The Violent Crime Control and Law Enforcement Act of 1994 now stands as a symbol of the tragic erosion of truth which can be caused by decades of leftist indoctrination and media spin.

As the name suggests, the purpose of the bill was to enable the police to control violent crime. But that’s not how modern leftists remember the bill’s purpose or results. Sports commentator Stephen A. Smith, for example, recently attacked Joe Biden, referring to him as “the same dude who was a senator in the '90s pushing the crime bill.” “You know that crime bill,” he continues, “that led to mass incarceration for an inordinate amount of black folks … who was more of a culprit in that regard than Biden?”

It’s easy to cheer when the left eats their own like this, but this shouldn’t be one of those moments.

First of all, Biden was hardly a radical for supporting it. The 1994 law also enjoyed the bipartisan support of 94 other members of the Senate, including Democrats Barbara Boxer, Dianne Feinstein, John Kerry, Joseph Lieberman, Tom Daschle, and none other than the “Lion of the Senate,” Ted Kennedy.

These were once the standard-bearers of progressivism.
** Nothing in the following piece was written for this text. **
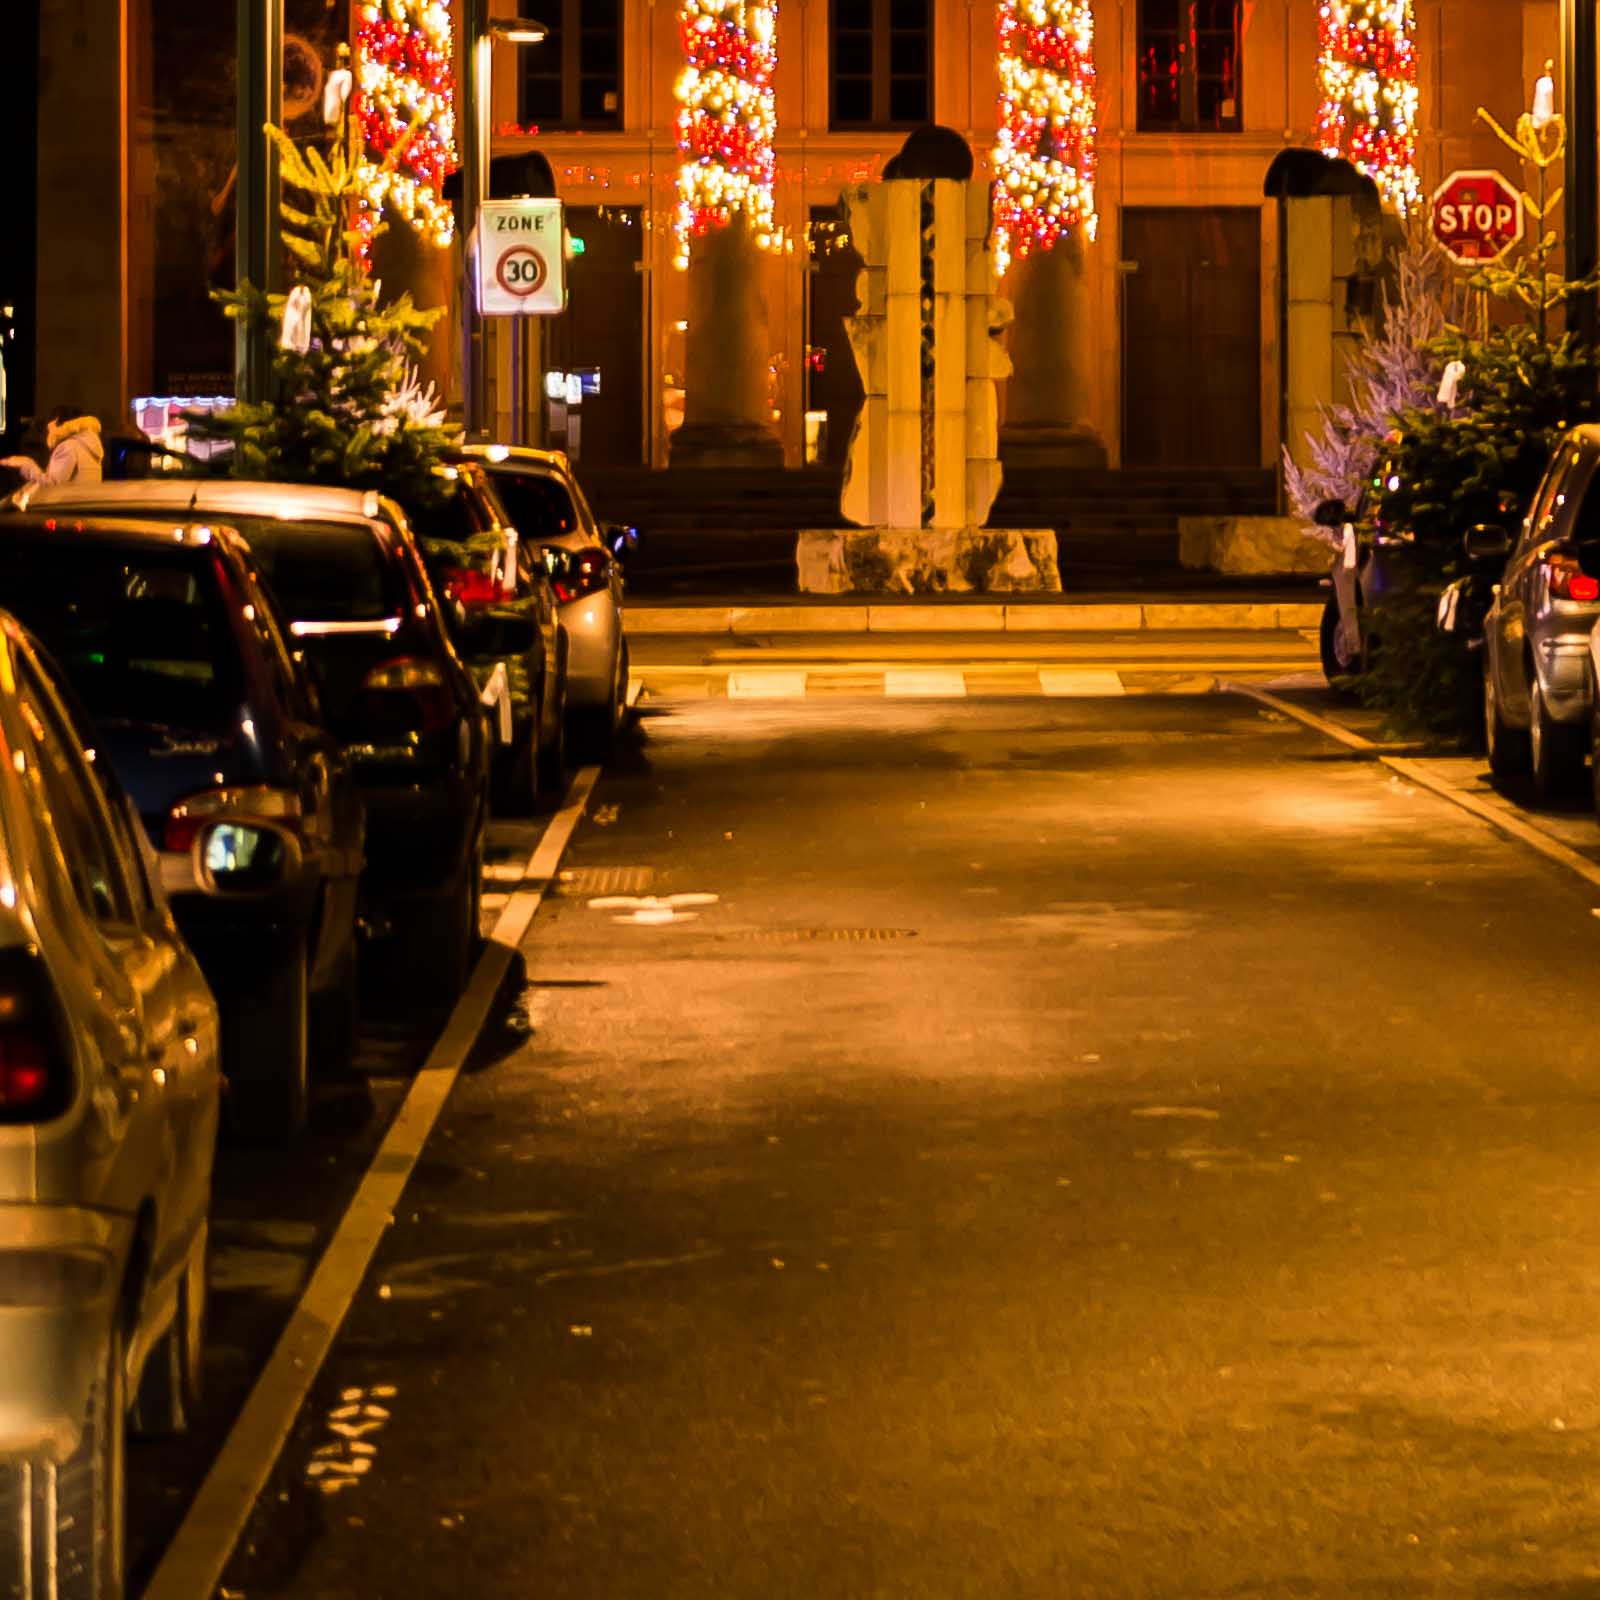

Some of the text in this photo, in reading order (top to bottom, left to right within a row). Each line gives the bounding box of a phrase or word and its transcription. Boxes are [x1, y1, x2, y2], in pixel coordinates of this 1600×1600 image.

[497, 216, 544, 231] ZONE
[1439, 204, 1512, 232] STOP
[506, 260, 538, 282] 30
Now, they are all but forgotten by indoctrinated young progressive activists, framed as the villains responsible for upholding a system of white supremacy by passing a racist law.

That narrative is unfortunately strengthened by Republicans on the other side of the aisle, who are courting potential defectors by promoting the lie that it was a terrible, racist law. In 2019, Donald Trump, sensing Biden’s weakness on the issue, attacked Biden, saying that “African Americans will not be able to vote for” Biden because of his association with the bill, and claims that his own “Criminal Justice Reform” helped “fix the bad 1994 Bill!” [sic]

But the truth matters, and the claim that the ‘94 crime bill created the issue of mass incarceration in America, of black people or otherwise, is utter nonsense.

“Mass incarceration is relative,” says Doug Stanglin in USA Today. “From 1980-94, the nation’s prison population more than doubled on a per capita basis.” In reality, prisons had been growing since the 1960s, but astonishingly, it took only six years after the ‘94 bill was passed for the growth of prison populations to begin slowing. In 2000, prison population rose “at the lowest rate since 1972 and had the smallest actual increase since 1980.”

This, as it happens, was an intended outcome of the ’94 crime bill. A justice system that imprisons criminals is one that disincentivizes crime. When crimes are punished, fewer people commit crimes.

And this is a point which is both unmistakable and irrefutable – violent crime rates plummeted after the ‘94 crime bill. In 1993, there were roughly 747 violent crimes reported per 100K of the population. By 2000, that rate had decreased 507, and by 2014, it was 363. A similar trend is observed with homicides, with a rate of 9.4 homicides per 100K of the population in 1990, 5.9 in 2000, and 5.1 in 2014.

The point is, the ‘94 crime bill accomplished something that is incredibly rare in sea of failed government policies – it actually worked.

The American people were given a choice in 1994. Shall more criminals be in prison, or shall they be on the streets committing crimes? They chose the former, and why that choice led to a reduction in violent crime shouldn’t baffle anyone.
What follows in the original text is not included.